##### GIVEN RECORDS #####
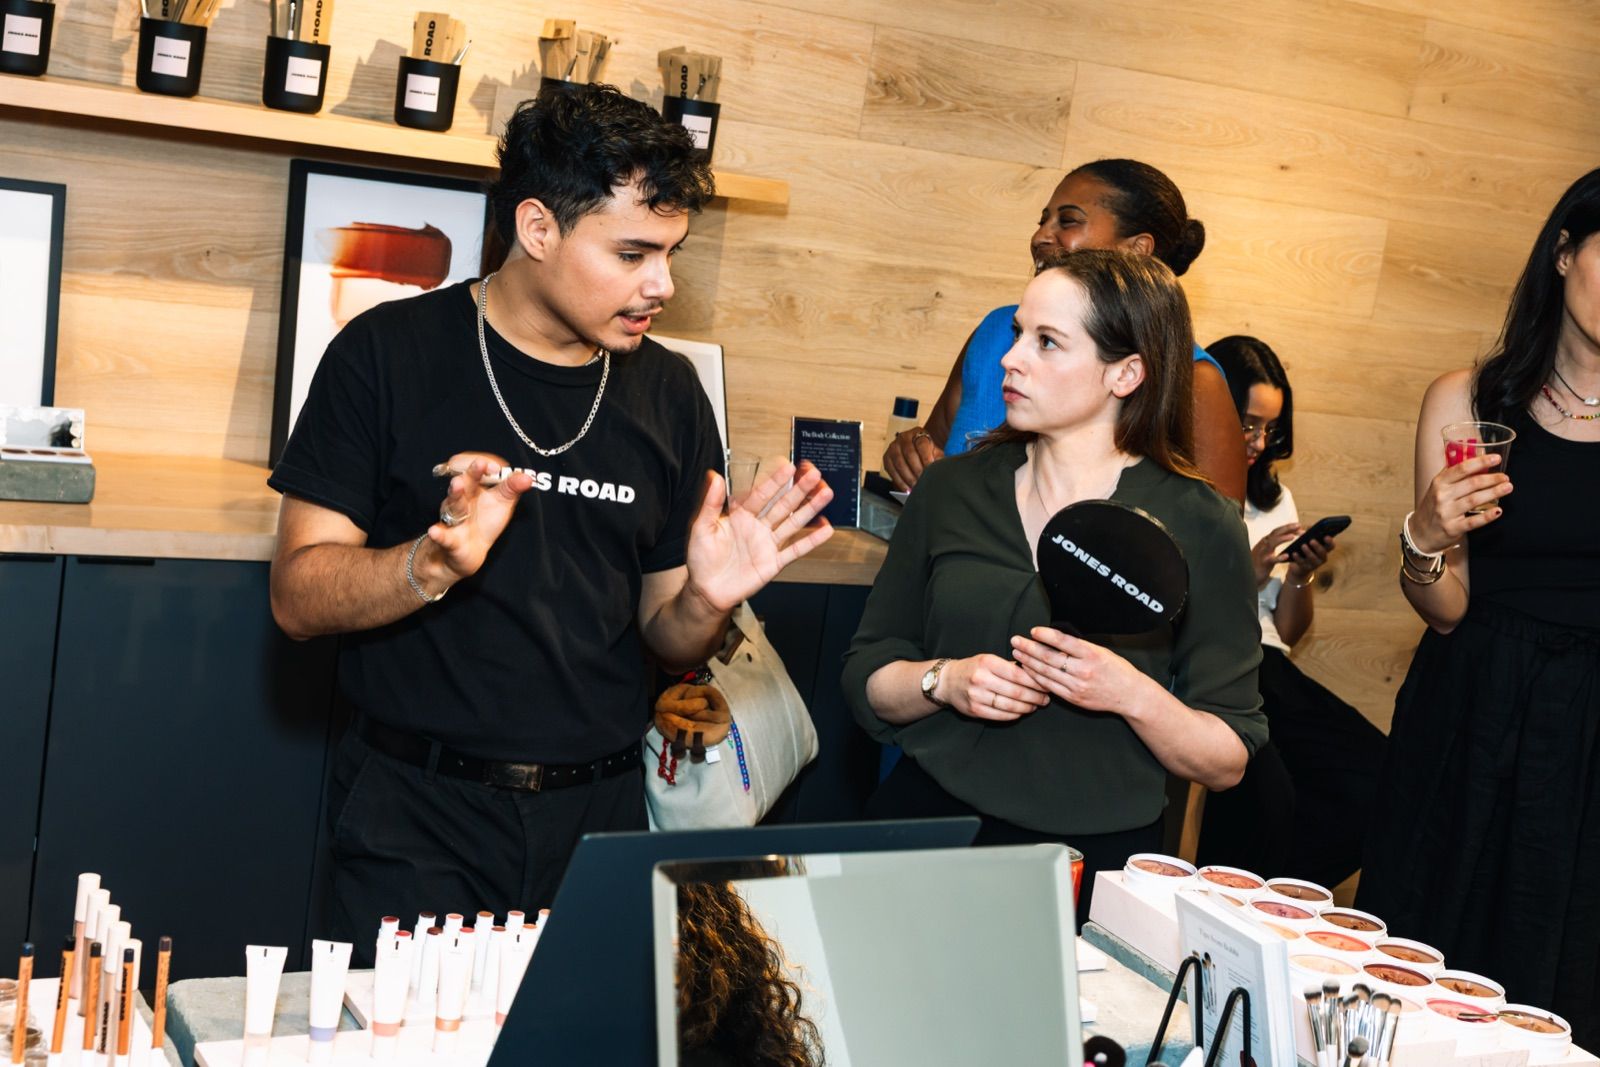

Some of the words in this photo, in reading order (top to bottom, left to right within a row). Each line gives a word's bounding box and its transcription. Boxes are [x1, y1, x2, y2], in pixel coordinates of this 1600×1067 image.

[313, 0, 323, 37] ROAD
[424, 20, 436, 56] ROAD
[680, 65, 688, 98] ROAD
[801, 430, 811, 438] The
[500, 466, 553, 491] NES
[557, 475, 635, 504] ROAD
[1051, 533, 1111, 577] JONES
[1110, 573, 1164, 613] ROAD
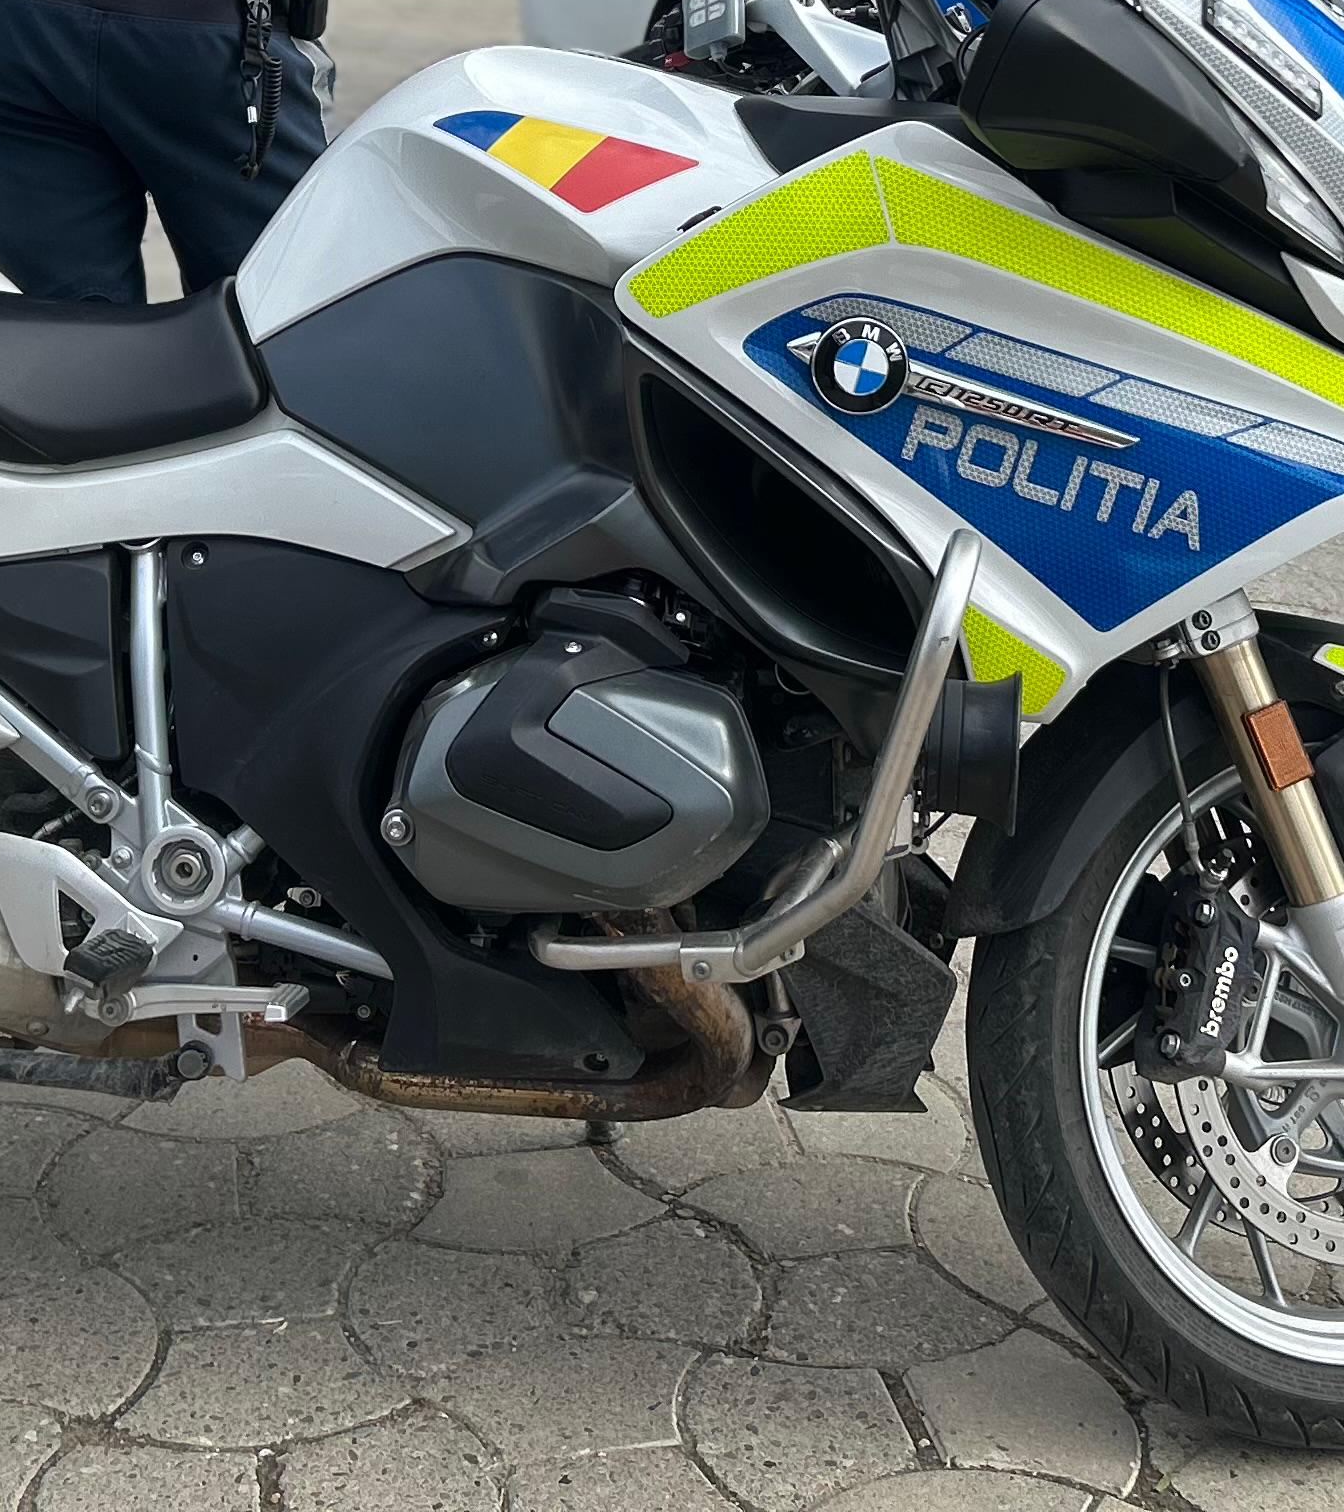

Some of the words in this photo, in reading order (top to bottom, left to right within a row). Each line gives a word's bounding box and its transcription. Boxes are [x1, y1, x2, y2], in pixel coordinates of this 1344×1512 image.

[833, 324, 904, 363] BMW
[900, 403, 1201, 552] POLITIA
[1199, 946, 1239, 1038] brembo
#####
** EXERCISE DIRECTIONS **
Omit the pictures. Repeat the rest of the data exactly.

** RESULT FOR THIS TASK **
Some of the words in this photo, in reading order (top to bottom, left to right within a row). Each line gives a word's bounding box and its transcription. Boxes are [x1, y1, x2, y2], in pixel coordinates of this 1600×1067 image.

[313, 0, 323, 37] ROAD
[424, 20, 436, 56] ROAD
[680, 65, 688, 98] ROAD
[801, 430, 811, 438] The
[500, 466, 553, 491] NES
[557, 475, 635, 504] ROAD
[1051, 533, 1111, 577] JONES
[1110, 573, 1164, 613] ROAD

Some of the words in this photo, in reading order (top to bottom, left to right within a row). Each line gives a word's bounding box and its transcription. Boxes are [x1, y1, x2, y2], in pixel coordinates of this 1344×1512 image.

[833, 324, 904, 363] BMW
[900, 403, 1201, 552] POLITIA
[1199, 946, 1239, 1038] brembo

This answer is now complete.